No matter what.

I should have known better than to have worried that silence from Mandi (crymson_st4r ) was an indication of staleness. I was spot on, however, to be concerned with an assumption of danger (as staleness is, for her spirit). It seems that while I figured she was taking a break, she was actually breaking the record…for adventures after sunset.

Because I have known her and been included for so long, the jumbled paragraphs and single-breath speech in her journaling jumped out at me as though I had been there while it happened. The situation of being with questionable people and putting a part of yourself in their hands was so familiar it was as comforting as an aroma that suddenly reminds you of a good thing you haven’t thought of in forever. I don’t know how to explain so that it doesn’t sound like I’m encouraging you to ride at 60-100 mph with a tipsy driver who flipped their Bronco over into the ditch. But…

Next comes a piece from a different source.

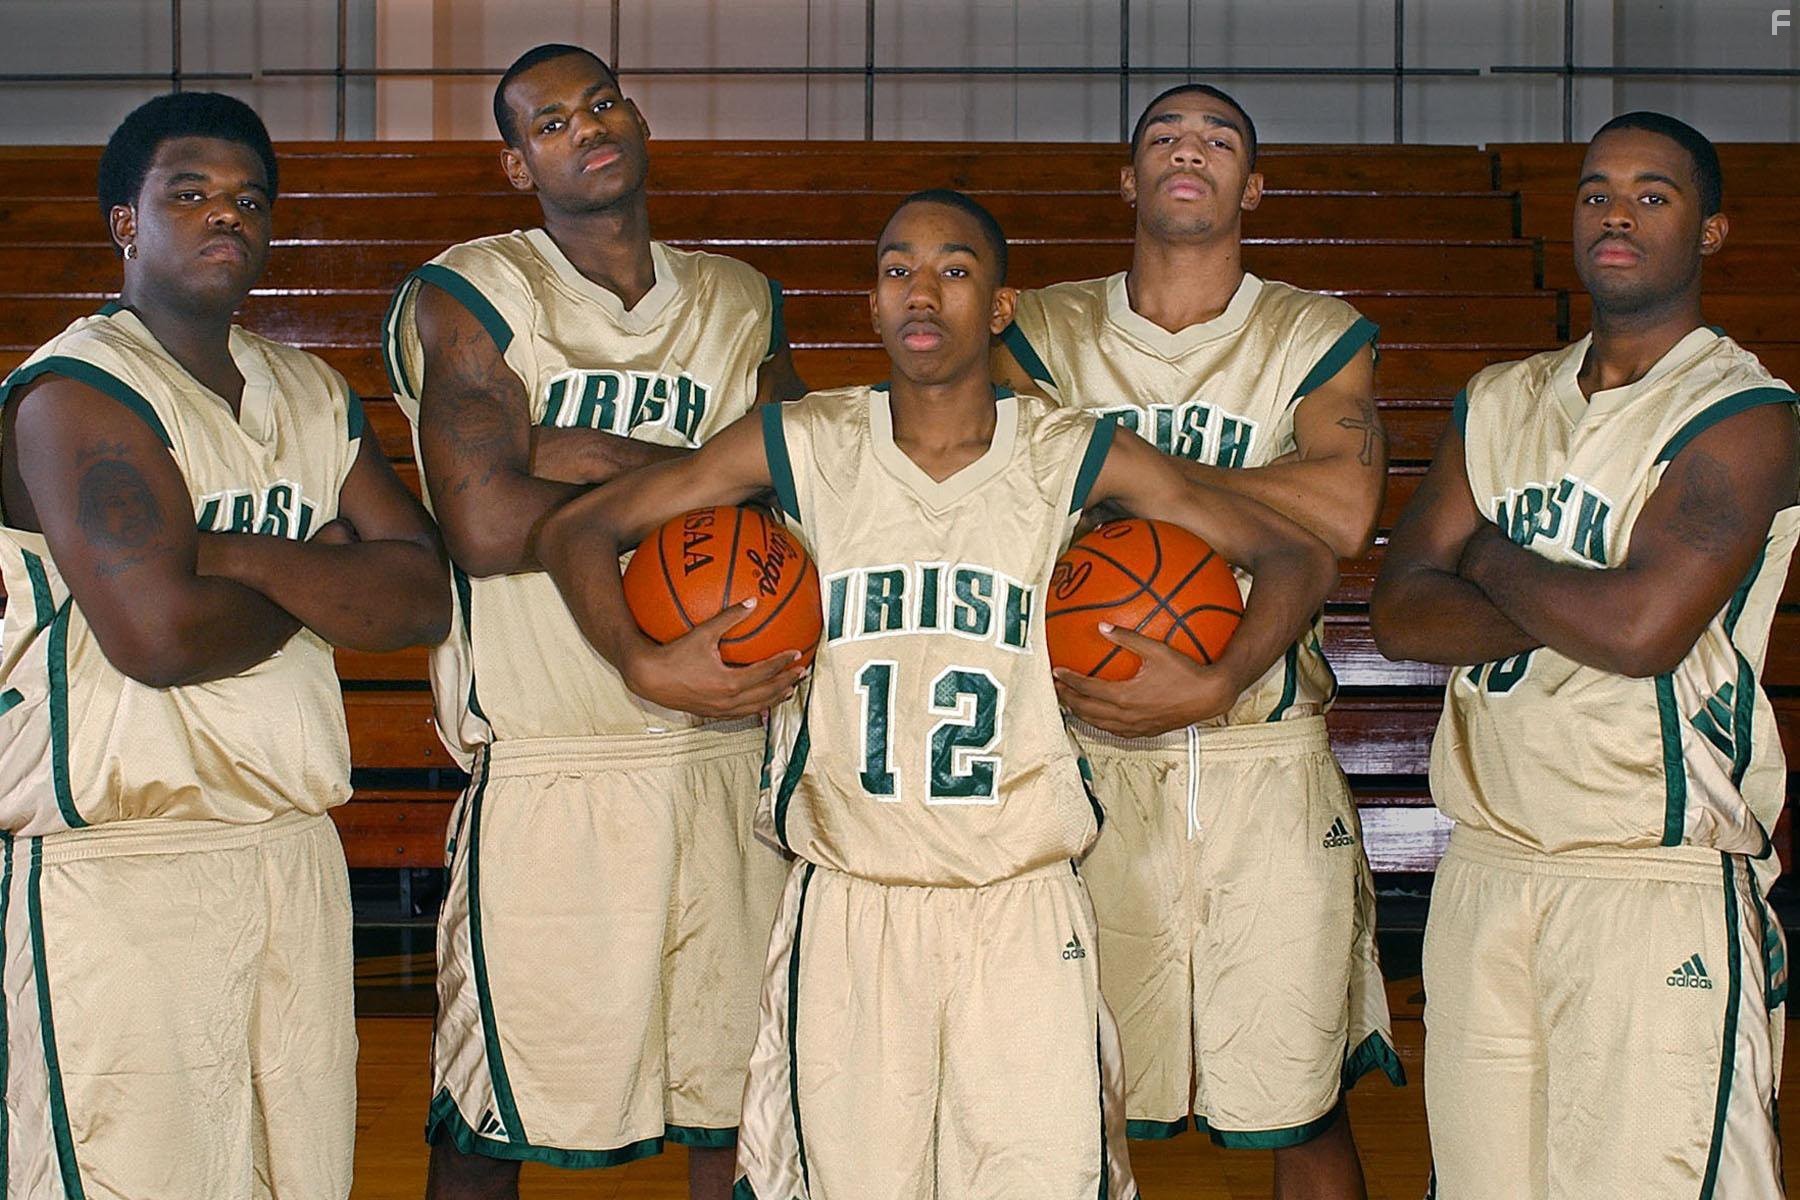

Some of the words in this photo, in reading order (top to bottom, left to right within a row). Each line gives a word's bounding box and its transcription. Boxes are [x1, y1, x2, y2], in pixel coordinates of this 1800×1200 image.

[823, 561, 1037, 655] IRISH
[854, 660, 1006, 805] 12
[1666, 974, 1713, 990] adidas

I saw her there, consciousness rushing back like invincibility given by God. I felt the gummy bottoms of her tennis shoes on the pavement in the middle of nowhere as she stood with (possibly even without) only a coat on for weathering the season, her face exposed to the winter cold at having made a humungous mistake. Hearing the drunk driver make them swear they wouldn’t go to the hospital and get her into trouble as one of them bled…the incredible agreement to lie to police and tell them a story about how they were crippled. Mandi’s breath white in the air as it burned with her commenting back to everyone, trying to express her side of what was best and what they ought to do.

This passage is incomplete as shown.